> [Task prompt]: Every record below should be copied exactly, with the pictures left out.

Image-backed grounding data:
☆ ☆ ☆ ☆ ☆

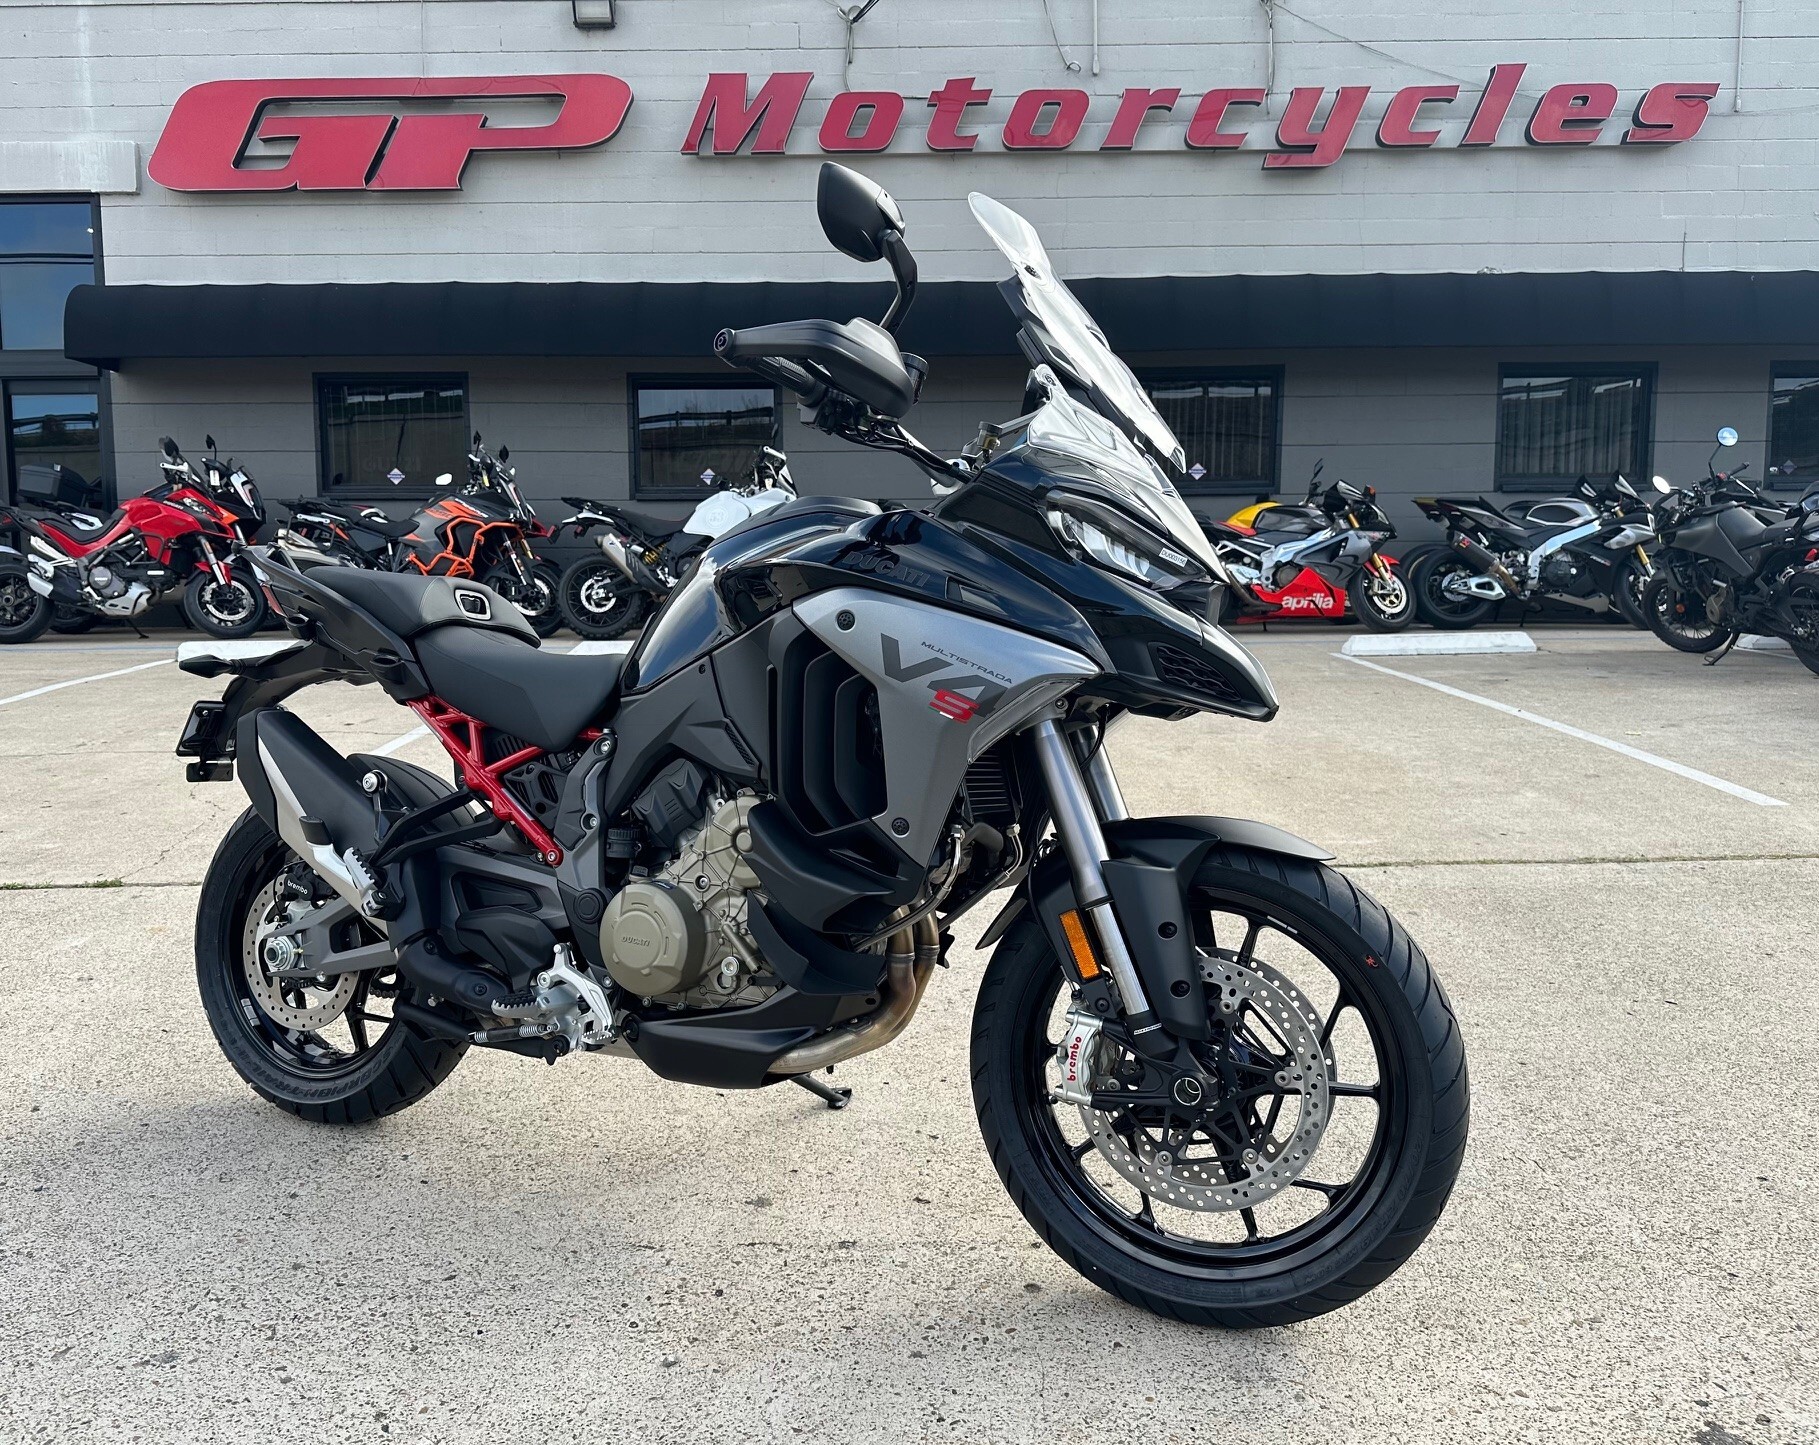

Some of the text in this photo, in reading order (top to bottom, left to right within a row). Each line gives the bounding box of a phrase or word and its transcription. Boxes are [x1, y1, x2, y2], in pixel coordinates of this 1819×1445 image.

[147, 63, 1720, 192] GP Motorcycles
[842, 550, 931, 588] DUCATI
[1282, 593, 1335, 611] aprilia
[921, 641, 1014, 685] MULTISTRADA
[287, 880, 308, 895] brembo
[622, 936, 651, 947] DUCATI
[1066, 1036, 1083, 1082] brembo
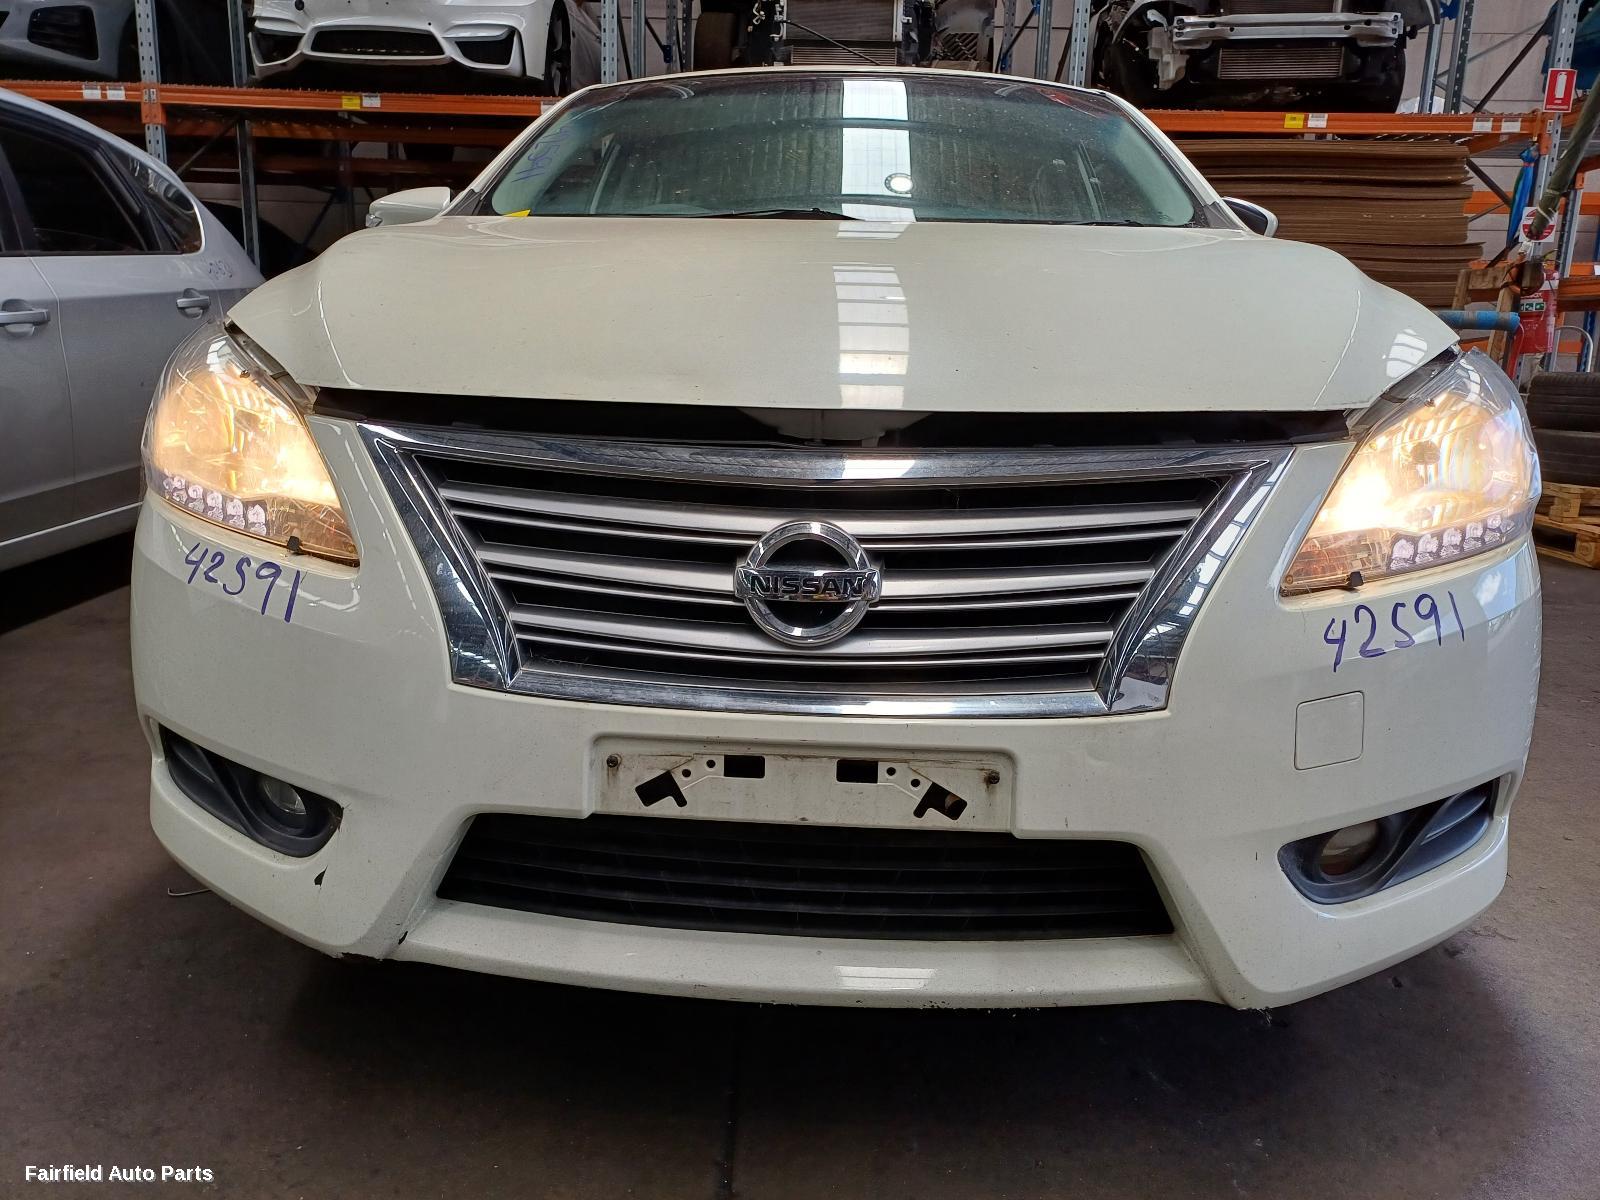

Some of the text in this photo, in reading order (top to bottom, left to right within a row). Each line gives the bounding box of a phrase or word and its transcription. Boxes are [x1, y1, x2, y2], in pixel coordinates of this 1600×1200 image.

[184, 542, 301, 623] 42591
[749, 574, 864, 597] NISSAN
[1323, 590, 1465, 673] 42591

☆ ☆ ☆ ☆ ☆

> [Expected answer]:
Some of the text in this photo, in reading order (top to bottom, left to right within a row). Each line gives the bounding box of a phrase or word and its transcription. Boxes are [x1, y1, x2, y2], in pixel coordinates of this 1819×1445 image.

[147, 63, 1720, 192] GP Motorcycles
[842, 550, 931, 588] DUCATI
[1282, 593, 1335, 611] aprilia
[921, 641, 1014, 685] MULTISTRADA
[287, 880, 308, 895] brembo
[622, 936, 651, 947] DUCATI
[1066, 1036, 1083, 1082] brembo

Some of the text in this photo, in reading order (top to bottom, left to right within a row). Each line gives the bounding box of a phrase or word and its transcription. Boxes are [x1, y1, x2, y2], in pixel coordinates of this 1600×1200 image.

[184, 542, 301, 623] 42591
[749, 574, 864, 597] NISSAN
[1323, 590, 1465, 673] 42591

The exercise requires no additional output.